When elections rolled around I was polled first about Helms' chances then harangued about the ignorance of North state voters. People who didn't like Helms and didn't live in NC could not understand why anyone would vote for Jesse.
Over time I gained an appreciation of Senator Helms. No, I didn't become a zealot on government spending or blockading Cuba but I did learn why Jesse Helms drew so many votes even though many of his most controversial policies did not reflect the views of the voters he represented.
Jesse Helms understood what won elections, money and constituent service. He was a master of both. The NC Congressional Club was networking conservatives long before Al Gore invented the Internet, before we know what a personal computer was. Helms grew a support system that gave him an enormous edge in fund raising. At a time when most political money was raised within a candidates district Helms was raising money nationwide. He used his polarizing rhetoric to excite contributors and to draw hard lines on the political landscape. In doing so he kept the true believers happy and sending in those checks. Ever wonder who created the type of single issue, scorched earth politics used so successfully by the national environmental groups, their model is Helms' model. His was the early success story that so many groups copied. Few, if any, have done it better.
Money was only half the Helms magic, there was a second, possibly more important component to getting voters to pull his lever. Helms and his Senate staff were masters of constituent service. They helped people deal with the federal government. Problems with Social Security, a call from Senator Helms office could cut tons of red tape. Can't get FEMA to respond to your call, they get very helpful when the Senator intervenes. This is not about profit or power but about helping people solve problems, problems that the federal bureaucracy could easily solve when they were properly motivated. When you help people they remember it, they remember it when they go to the polls.
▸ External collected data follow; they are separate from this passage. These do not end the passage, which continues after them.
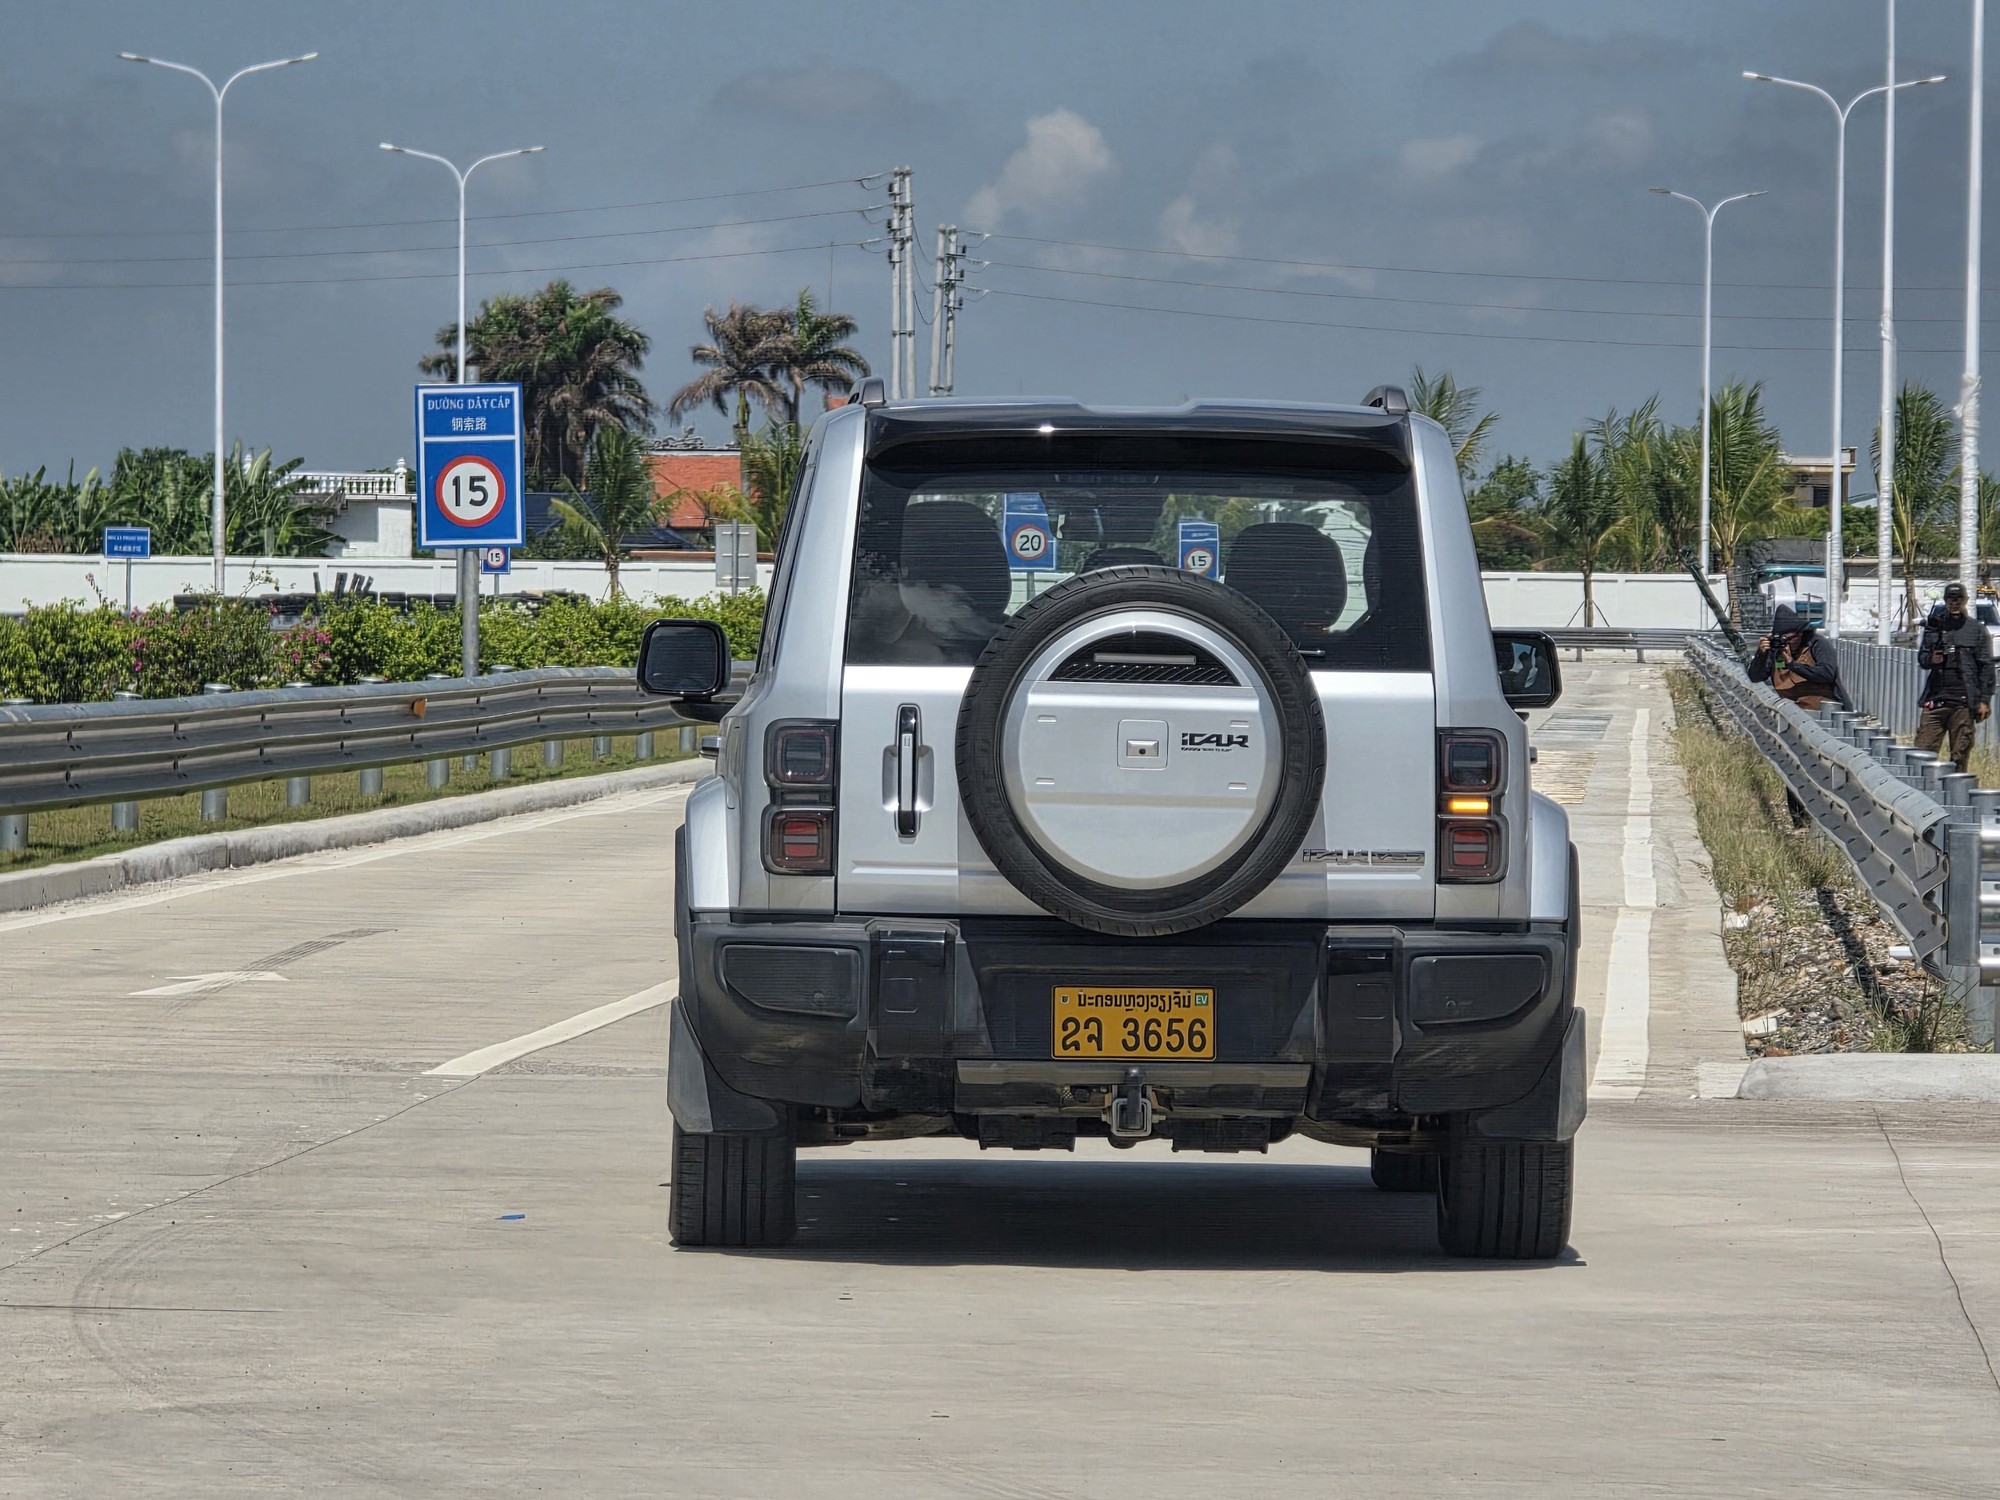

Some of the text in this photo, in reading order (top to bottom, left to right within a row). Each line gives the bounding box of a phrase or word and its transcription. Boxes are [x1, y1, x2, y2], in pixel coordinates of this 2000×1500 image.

[452, 475, 489, 507] 15
[1019, 534, 1042, 551] 20
[490, 552, 501, 562] 15
[1191, 555, 1207, 566] 15
[1195, 994, 1208, 1005] EV
[1121, 1017, 1207, 1053] 3656
I worked for a radio station in Wanchese in my early years on the beach. When the emergency generator finally died it was Sen Helms who arranged for the replacement, an army surplus generator that powered the station through many dark and stormy nights in the 80's and 90's and may still be running. One of my jobs was to run it for 30 minutes every Sunday to make sure it started and it always started. If it hadn't, a call to Jesse's office would have fixed it. I don't remember how I knew but I knew Senator Helms was responsible. The community knew as well and they appreciated his help.
My mom celebrated the day Senator Helms left office. She announced the end of an era, the end of the Prince of Darkness. I saw the end of an era as well, the era of responsive government. Along with other local elected leaders we mourned the end of an office that would take our calls then do something about them. Senator Helms would be a tough act to follow.
Money and service make an unbeatable combination in an election year. Jesse Helm understood this and used the combination to defeat some tough opponents in his six terms in the Senate. Anyone thinking of running for office should copy Helm' politics. No not his conservatism but his basic strategies that still can't be beat.
Thanks for the help Senator, even if I didn't vote for you.
Ciao
Note:
There is a good piece on Helms at Wikipedia. Sadly editing of this article by new or unregistered users is currently disabled due to vandalism. Even in death Helms stirs strong emotions.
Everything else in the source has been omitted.